Figure 3.

Hepatocyte-specific deletion of NEMO promotes spontaneous activation of liver NK/NKT cells, and administration of NK1.1-depleting mAb attenuates the damaging phenotype in NEMO^Δhepa mice. (A) FACS analysis revealed a lower number of NK1.1⁺CD3⁻ and NK1.1⁺CD3⁺ cells in NEMO^Δhepa mice. The graph represents the percentage of NK1.1⁺ cells related to the percentage of CD45⁺ cells in the liver (B) FACS analysis of NK1.1⁺/annexin V⁺ related to % of CD45⁺ cells revealed strong apoptosis of NK1.1⁺ cells in livers from NEMO^Δhepa mice. (C) RT-PCR showed strong expression of IL-12 (p35), IFN-γ, and CCL5 but lower IL-4 mRNA in livers.
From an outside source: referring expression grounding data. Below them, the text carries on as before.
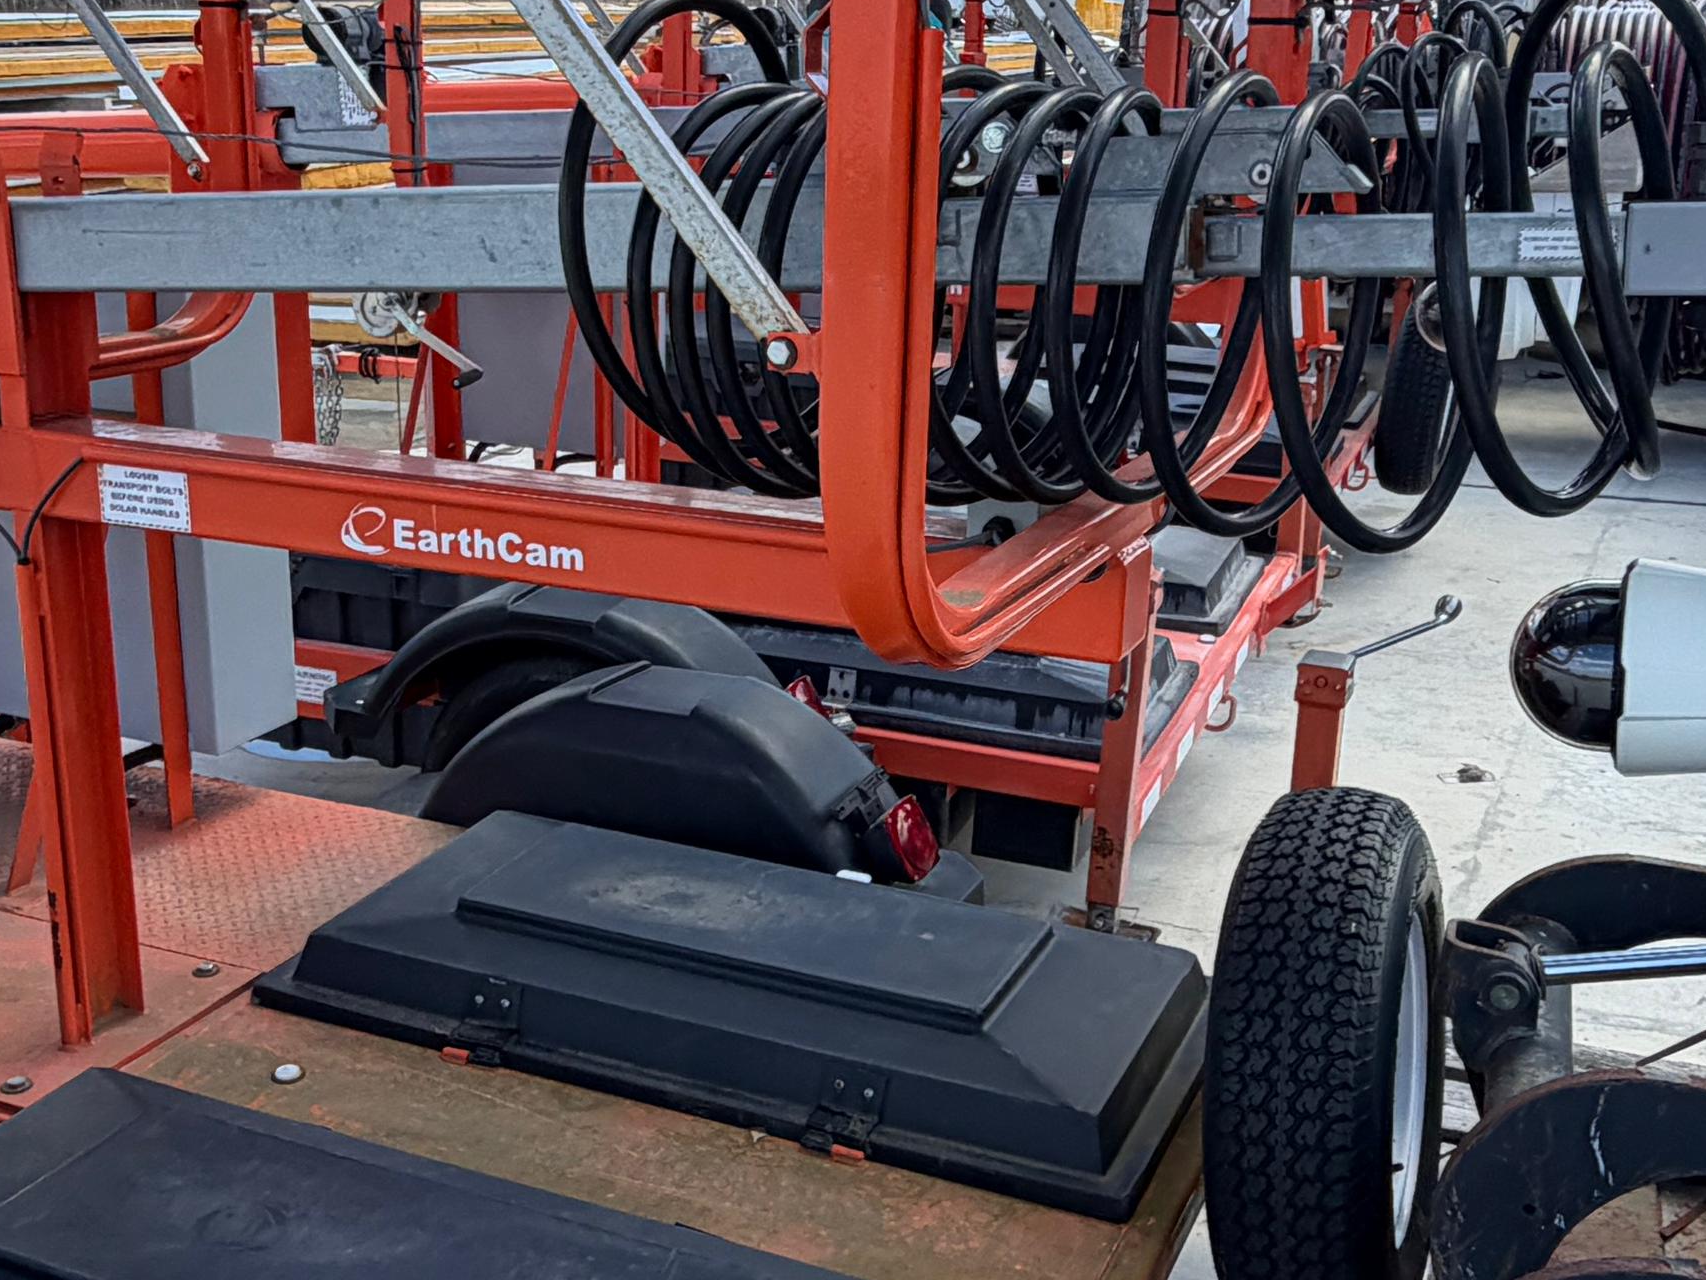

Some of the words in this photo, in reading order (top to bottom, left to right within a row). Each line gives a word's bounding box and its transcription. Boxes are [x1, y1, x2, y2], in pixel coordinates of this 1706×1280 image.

[124, 471, 159, 481] LOOSEN
[103, 480, 153, 492] TRANSPORT
[156, 486, 184, 496] BOLTS
[111, 492, 144, 503] BEFORE
[109, 503, 138, 514] SOLAR
[139, 507, 180, 519] HANDLES
[393, 518, 584, 572] EarthCam
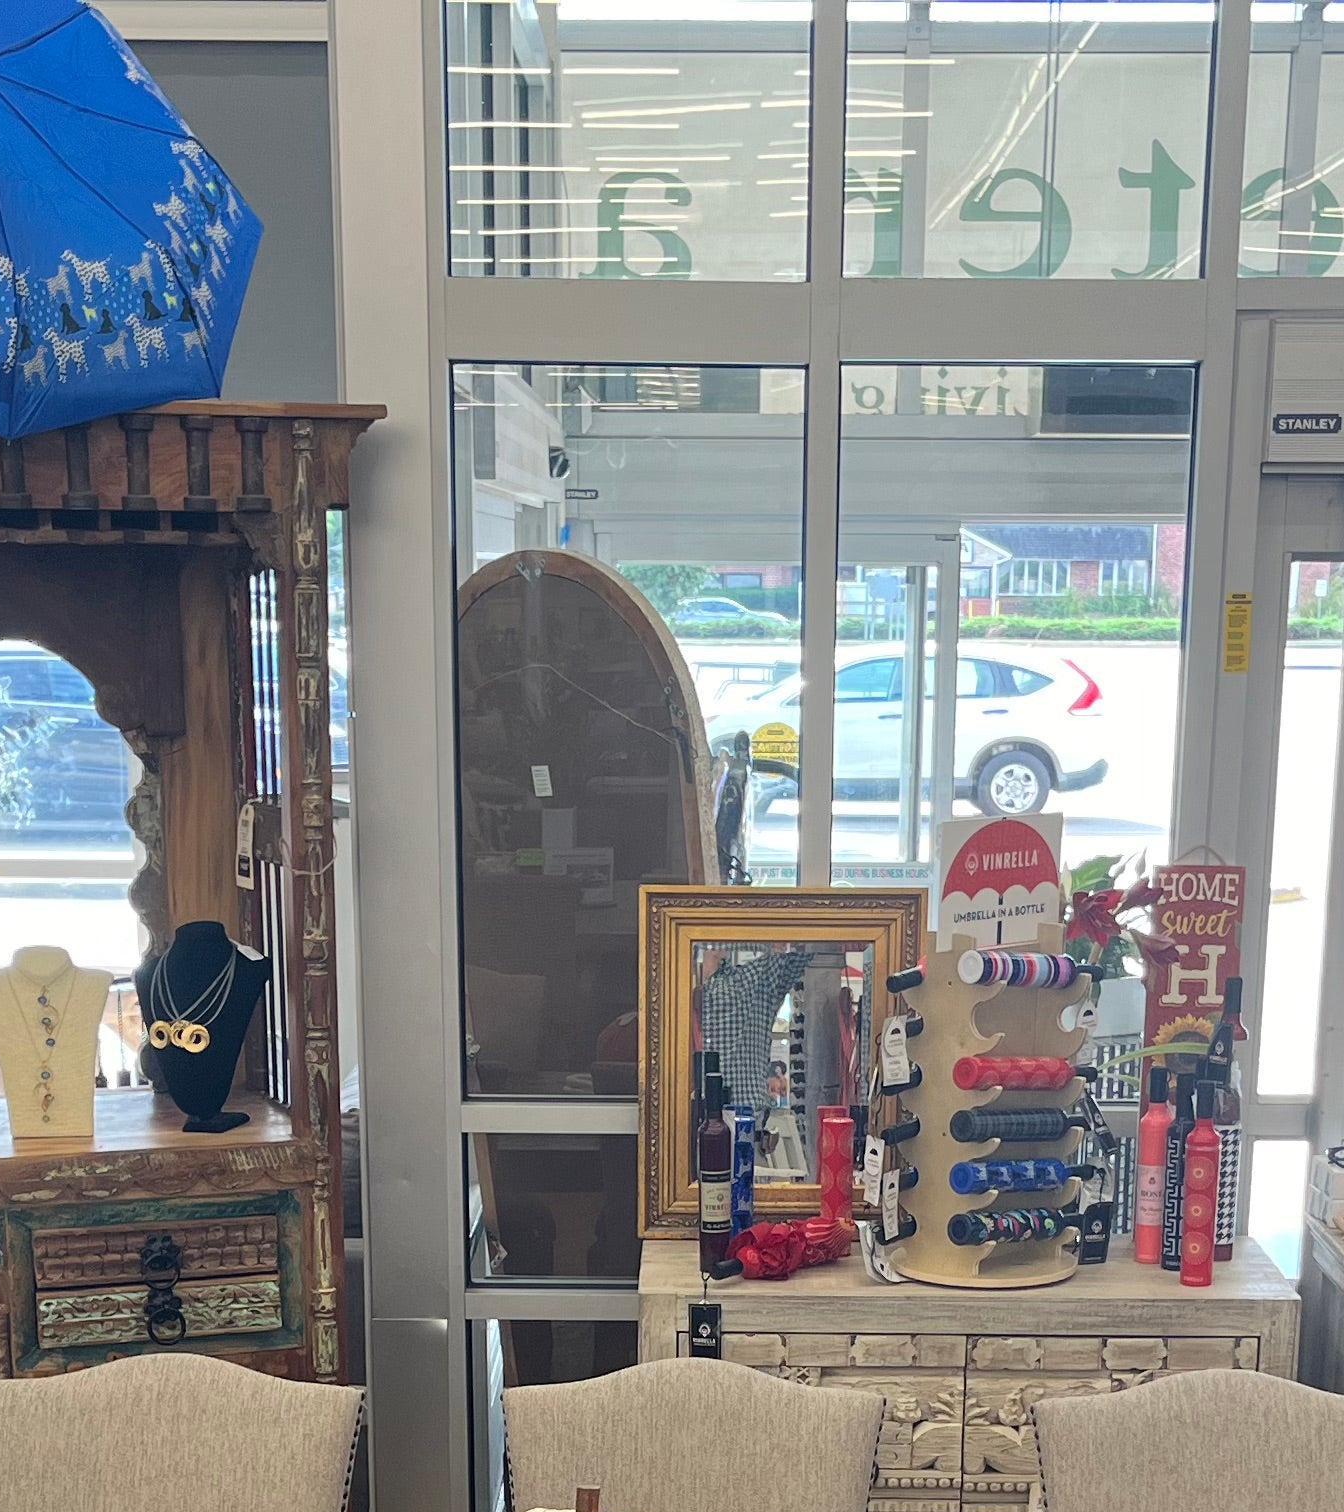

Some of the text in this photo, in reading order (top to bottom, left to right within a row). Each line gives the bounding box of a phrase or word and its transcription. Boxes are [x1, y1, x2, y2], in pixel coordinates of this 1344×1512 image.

Data are presented as times versus NEMO^f/f untreated. (D) mRNA analysis of isolated NK1.1⁺ cells confirmed cell activation and increased cytokine expression. (E) FACS analysis showed stronger TRAIL expression on NK1.1⁺ cells from livers from NEMO^Δhepa mice. mRNA analysis on isolated NK1.1⁺ cells confirmed this. (F and G) FACS analysis proved effective depletion of NK1.1⁺ cells (F) 40 h after NK1.1 mAb administration that reduced IFN-γ and CCL5 mRNA levels (G). (H–J) Serum ALT (H), H&E staining (I), and FACS analysis (J; CD11b⁺ cells) were used as markers of liver damage and inflammation. Bars, 50 µm. All data are representative of three independent experiments. n = 4. *, P < 0.05; **, P < 0.01; ***, P < 0.001 (NEMO^f/f vs. NEMO^Δhepa). §§, P < 0.01 (NEMO^Δhepa vs. Nk1.1mAb/NEMO^Δhepa). Error bars represent SD.